## What is being asked
In this exercise, each record below is to be written out again exactly.

*** Given entries ***

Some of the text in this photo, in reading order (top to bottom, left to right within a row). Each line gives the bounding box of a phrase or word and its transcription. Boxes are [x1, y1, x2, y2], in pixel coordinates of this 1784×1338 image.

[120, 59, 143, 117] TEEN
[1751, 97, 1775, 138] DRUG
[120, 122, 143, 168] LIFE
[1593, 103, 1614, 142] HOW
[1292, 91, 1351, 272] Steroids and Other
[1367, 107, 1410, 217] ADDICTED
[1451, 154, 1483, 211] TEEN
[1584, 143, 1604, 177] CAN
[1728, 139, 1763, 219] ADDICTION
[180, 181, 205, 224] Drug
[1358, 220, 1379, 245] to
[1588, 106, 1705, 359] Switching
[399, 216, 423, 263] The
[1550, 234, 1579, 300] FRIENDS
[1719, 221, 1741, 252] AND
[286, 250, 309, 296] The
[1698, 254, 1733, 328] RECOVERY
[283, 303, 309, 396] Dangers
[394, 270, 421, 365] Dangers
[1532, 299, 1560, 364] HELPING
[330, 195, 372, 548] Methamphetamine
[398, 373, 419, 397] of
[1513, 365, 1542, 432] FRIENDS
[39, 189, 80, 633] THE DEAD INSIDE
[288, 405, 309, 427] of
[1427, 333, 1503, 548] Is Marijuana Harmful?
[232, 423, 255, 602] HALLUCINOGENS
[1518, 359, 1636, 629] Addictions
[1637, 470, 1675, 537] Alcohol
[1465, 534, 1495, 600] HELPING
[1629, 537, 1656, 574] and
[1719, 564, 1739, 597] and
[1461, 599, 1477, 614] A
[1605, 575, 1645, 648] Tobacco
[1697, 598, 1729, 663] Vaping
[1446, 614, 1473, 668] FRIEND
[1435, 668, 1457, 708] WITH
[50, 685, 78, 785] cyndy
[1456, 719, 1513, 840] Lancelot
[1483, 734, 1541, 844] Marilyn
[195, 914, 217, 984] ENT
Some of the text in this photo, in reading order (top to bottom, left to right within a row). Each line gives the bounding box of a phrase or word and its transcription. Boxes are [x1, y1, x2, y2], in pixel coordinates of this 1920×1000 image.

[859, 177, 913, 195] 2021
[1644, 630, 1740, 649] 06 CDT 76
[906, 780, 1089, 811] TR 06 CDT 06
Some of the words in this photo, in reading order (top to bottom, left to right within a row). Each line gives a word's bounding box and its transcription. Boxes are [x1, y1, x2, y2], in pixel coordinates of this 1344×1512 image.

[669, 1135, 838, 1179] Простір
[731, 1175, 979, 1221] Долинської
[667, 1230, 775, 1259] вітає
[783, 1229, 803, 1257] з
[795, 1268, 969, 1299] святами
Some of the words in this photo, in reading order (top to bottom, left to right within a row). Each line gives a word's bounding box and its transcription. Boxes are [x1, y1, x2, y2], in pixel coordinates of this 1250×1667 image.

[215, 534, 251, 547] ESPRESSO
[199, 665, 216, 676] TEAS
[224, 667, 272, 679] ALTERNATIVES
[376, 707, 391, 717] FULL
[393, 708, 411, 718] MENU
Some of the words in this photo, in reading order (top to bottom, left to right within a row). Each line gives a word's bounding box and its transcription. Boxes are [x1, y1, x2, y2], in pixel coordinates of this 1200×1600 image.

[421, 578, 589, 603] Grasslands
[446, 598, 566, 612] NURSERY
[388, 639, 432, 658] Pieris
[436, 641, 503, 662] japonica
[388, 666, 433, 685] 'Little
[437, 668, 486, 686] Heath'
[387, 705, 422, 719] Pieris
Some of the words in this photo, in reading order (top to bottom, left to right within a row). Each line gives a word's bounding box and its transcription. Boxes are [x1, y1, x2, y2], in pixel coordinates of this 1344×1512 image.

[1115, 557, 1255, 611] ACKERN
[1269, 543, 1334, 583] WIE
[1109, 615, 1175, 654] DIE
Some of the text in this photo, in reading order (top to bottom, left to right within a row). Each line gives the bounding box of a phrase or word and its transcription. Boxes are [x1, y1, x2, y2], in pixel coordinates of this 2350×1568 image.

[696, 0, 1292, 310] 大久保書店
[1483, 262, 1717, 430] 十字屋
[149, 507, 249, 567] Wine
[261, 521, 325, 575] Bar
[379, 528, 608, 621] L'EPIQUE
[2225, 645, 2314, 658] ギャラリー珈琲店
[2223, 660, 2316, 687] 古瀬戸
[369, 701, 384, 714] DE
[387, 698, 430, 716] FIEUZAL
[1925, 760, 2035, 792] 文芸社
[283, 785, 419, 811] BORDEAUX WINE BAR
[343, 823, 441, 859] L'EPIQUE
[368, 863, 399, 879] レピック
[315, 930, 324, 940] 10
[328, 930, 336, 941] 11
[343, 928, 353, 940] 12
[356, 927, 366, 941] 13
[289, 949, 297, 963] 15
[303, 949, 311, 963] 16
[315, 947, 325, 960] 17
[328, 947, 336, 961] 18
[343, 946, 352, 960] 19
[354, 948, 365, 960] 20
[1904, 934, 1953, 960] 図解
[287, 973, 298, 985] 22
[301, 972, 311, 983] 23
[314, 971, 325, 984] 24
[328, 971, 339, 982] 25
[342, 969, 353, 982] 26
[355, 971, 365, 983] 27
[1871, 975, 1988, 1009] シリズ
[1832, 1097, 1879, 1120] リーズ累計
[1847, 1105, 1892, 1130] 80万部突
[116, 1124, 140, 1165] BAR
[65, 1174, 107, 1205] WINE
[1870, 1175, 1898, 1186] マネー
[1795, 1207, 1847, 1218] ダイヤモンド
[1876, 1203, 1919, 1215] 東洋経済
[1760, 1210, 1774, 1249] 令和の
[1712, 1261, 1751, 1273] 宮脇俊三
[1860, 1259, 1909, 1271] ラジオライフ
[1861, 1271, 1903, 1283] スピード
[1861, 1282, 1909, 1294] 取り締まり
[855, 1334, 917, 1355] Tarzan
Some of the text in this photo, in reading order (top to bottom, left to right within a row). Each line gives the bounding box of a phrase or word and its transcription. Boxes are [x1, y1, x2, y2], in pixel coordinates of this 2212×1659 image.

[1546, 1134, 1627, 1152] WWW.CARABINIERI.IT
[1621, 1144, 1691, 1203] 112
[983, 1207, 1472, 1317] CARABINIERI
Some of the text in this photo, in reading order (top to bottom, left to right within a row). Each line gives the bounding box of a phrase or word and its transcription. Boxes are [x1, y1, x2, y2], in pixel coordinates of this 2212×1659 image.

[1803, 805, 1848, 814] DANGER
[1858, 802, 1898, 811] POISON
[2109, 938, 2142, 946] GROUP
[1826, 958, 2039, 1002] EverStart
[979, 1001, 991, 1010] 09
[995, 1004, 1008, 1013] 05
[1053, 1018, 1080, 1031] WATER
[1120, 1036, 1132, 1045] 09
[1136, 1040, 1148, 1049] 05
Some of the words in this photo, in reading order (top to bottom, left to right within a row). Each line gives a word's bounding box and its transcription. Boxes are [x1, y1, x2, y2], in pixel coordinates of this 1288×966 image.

*** End of Given entries ***

## Output below
Some of the text in this photo, in reading order (top to bottom, left to right within a row). Each line gives the bounding box of a phrase or word and its transcription. Boxes are [x1, y1, x2, y2], in pixel coordinates of this 1784×1338 image.

[120, 59, 143, 117] TEEN
[1751, 97, 1775, 138] DRUG
[120, 122, 143, 168] LIFE
[1593, 103, 1614, 142] HOW
[1292, 91, 1351, 272] Steroids and Other
[1367, 107, 1410, 217] ADDICTED
[1451, 154, 1483, 211] TEEN
[1584, 143, 1604, 177] CAN
[1728, 139, 1763, 219] ADDICTION
[180, 181, 205, 224] Drug
[1358, 220, 1379, 245] to
[1588, 106, 1705, 359] Switching
[399, 216, 423, 263] The
[1550, 234, 1579, 300] FRIENDS
[1719, 221, 1741, 252] AND
[286, 250, 309, 296] The
[1698, 254, 1733, 328] RECOVERY
[283, 303, 309, 396] Dangers
[394, 270, 421, 365] Dangers
[1532, 299, 1560, 364] HELPING
[330, 195, 372, 548] Methamphetamine
[398, 373, 419, 397] of
[1513, 365, 1542, 432] FRIENDS
[39, 189, 80, 633] THE DEAD INSIDE
[288, 405, 309, 427] of
[1427, 333, 1503, 548] Is Marijuana Harmful?
[232, 423, 255, 602] HALLUCINOGENS
[1518, 359, 1636, 629] Addictions
[1637, 470, 1675, 537] Alcohol
[1465, 534, 1495, 600] HELPING
[1629, 537, 1656, 574] and
[1719, 564, 1739, 597] and
[1461, 599, 1477, 614] A
[1605, 575, 1645, 648] Tobacco
[1697, 598, 1729, 663] Vaping
[1446, 614, 1473, 668] FRIEND
[1435, 668, 1457, 708] WITH
[50, 685, 78, 785] cyndy
[1456, 719, 1513, 840] Lancelot
[1483, 734, 1541, 844] Marilyn
[195, 914, 217, 984] ENT
Some of the text in this photo, in reading order (top to bottom, left to right within a row). Each line gives the bounding box of a phrase or word and its transcription. Boxes are [x1, y1, x2, y2], in pixel coordinates of this 1920×1000 image.

[859, 177, 913, 195] 2021
[1644, 630, 1740, 649] 06 CDT 76
[906, 780, 1089, 811] TR 06 CDT 06
Some of the words in this photo, in reading order (top to bottom, left to right within a row). Each line gives a word's bounding box and its transcription. Boxes are [x1, y1, x2, y2], in pixel coordinates of this 1344×1512 image.

[669, 1135, 838, 1179] Простір
[731, 1175, 979, 1221] Долинської
[667, 1230, 775, 1259] вітає
[783, 1229, 803, 1257] з
[795, 1268, 969, 1299] святами
Some of the words in this photo, in reading order (top to bottom, left to right within a row). Each line gives a word's bounding box and its transcription. Boxes are [x1, y1, x2, y2], in pixel coordinates of this 1250×1667 image.

[215, 534, 251, 547] ESPRESSO
[199, 665, 216, 676] TEAS
[224, 667, 272, 679] ALTERNATIVES
[376, 707, 391, 717] FULL
[393, 708, 411, 718] MENU
Some of the words in this photo, in reading order (top to bottom, left to right within a row). Each line gives a word's bounding box and its transcription. Boxes are [x1, y1, x2, y2], in pixel coordinates of this 1200×1600 image.

[421, 578, 589, 603] Grasslands
[446, 598, 566, 612] NURSERY
[388, 639, 432, 658] Pieris
[436, 641, 503, 662] japonica
[388, 666, 433, 685] 'Little
[437, 668, 486, 686] Heath'
[387, 705, 422, 719] Pieris
Some of the words in this photo, in reading order (top to bottom, left to right within a row). Each line gives a word's bounding box and its transcription. Boxes are [x1, y1, x2, y2], in pixel coordinates of this 1344×1512 image.

[1115, 557, 1255, 611] ACKERN
[1269, 543, 1334, 583] WIE
[1109, 615, 1175, 654] DIE
Some of the text in this photo, in reading order (top to bottom, left to right within a row). Each line gives the bounding box of a phrase or word and its transcription. Boxes are [x1, y1, x2, y2], in pixel coordinates of this 2350×1568 image.

[696, 0, 1292, 310] 大久保書店
[1483, 262, 1717, 430] 十字屋
[149, 507, 249, 567] Wine
[261, 521, 325, 575] Bar
[379, 528, 608, 621] L'EPIQUE
[2225, 645, 2314, 658] ギャラリー珈琲店
[2223, 660, 2316, 687] 古瀬戸
[369, 701, 384, 714] DE
[387, 698, 430, 716] FIEUZAL
[1925, 760, 2035, 792] 文芸社
[283, 785, 419, 811] BORDEAUX WINE BAR
[343, 823, 441, 859] L'EPIQUE
[368, 863, 399, 879] レピック
[315, 930, 324, 940] 10
[328, 930, 336, 941] 11
[343, 928, 353, 940] 12
[356, 927, 366, 941] 13
[289, 949, 297, 963] 15
[303, 949, 311, 963] 16
[315, 947, 325, 960] 17
[328, 947, 336, 961] 18
[343, 946, 352, 960] 19
[354, 948, 365, 960] 20
[1904, 934, 1953, 960] 図解
[287, 973, 298, 985] 22
[301, 972, 311, 983] 23
[314, 971, 325, 984] 24
[328, 971, 339, 982] 25
[342, 969, 353, 982] 26
[355, 971, 365, 983] 27
[1871, 975, 1988, 1009] シリズ
[1832, 1097, 1879, 1120] リーズ累計
[1847, 1105, 1892, 1130] 80万部突
[116, 1124, 140, 1165] BAR
[65, 1174, 107, 1205] WINE
[1870, 1175, 1898, 1186] マネー
[1795, 1207, 1847, 1218] ダイヤモンド
[1876, 1203, 1919, 1215] 東洋経済
[1760, 1210, 1774, 1249] 令和の
[1712, 1261, 1751, 1273] 宮脇俊三
[1860, 1259, 1909, 1271] ラジオライフ
[1861, 1271, 1903, 1283] スピード
[1861, 1282, 1909, 1294] 取り締まり
[855, 1334, 917, 1355] Tarzan
Some of the text in this photo, in reading order (top to bottom, left to right within a row). Each line gives the bounding box of a phrase or word and its transcription. Boxes are [x1, y1, x2, y2], in pixel coordinates of this 2212×1659 image.

[1546, 1134, 1627, 1152] WWW.CARABINIERI.IT
[1621, 1144, 1691, 1203] 112
[983, 1207, 1472, 1317] CARABINIERI
Some of the text in this photo, in reading order (top to bottom, left to right within a row). Each line gives the bounding box of a phrase or word and its transcription. Boxes are [x1, y1, x2, y2], in pixel coordinates of this 2212×1659 image.

[1803, 805, 1848, 814] DANGER
[1858, 802, 1898, 811] POISON
[2109, 938, 2142, 946] GROUP
[1826, 958, 2039, 1002] EverStart
[979, 1001, 991, 1010] 09
[995, 1004, 1008, 1013] 05
[1053, 1018, 1080, 1031] WATER
[1120, 1036, 1132, 1045] 09
[1136, 1040, 1148, 1049] 05
Some of the words in this photo, in reading order (top to bottom, left to right within a row). Each line gives a word's bounding box and its transcription. Boxes are [x1, y1, x2, y2], in pixel coordinates of this 1288×966 image.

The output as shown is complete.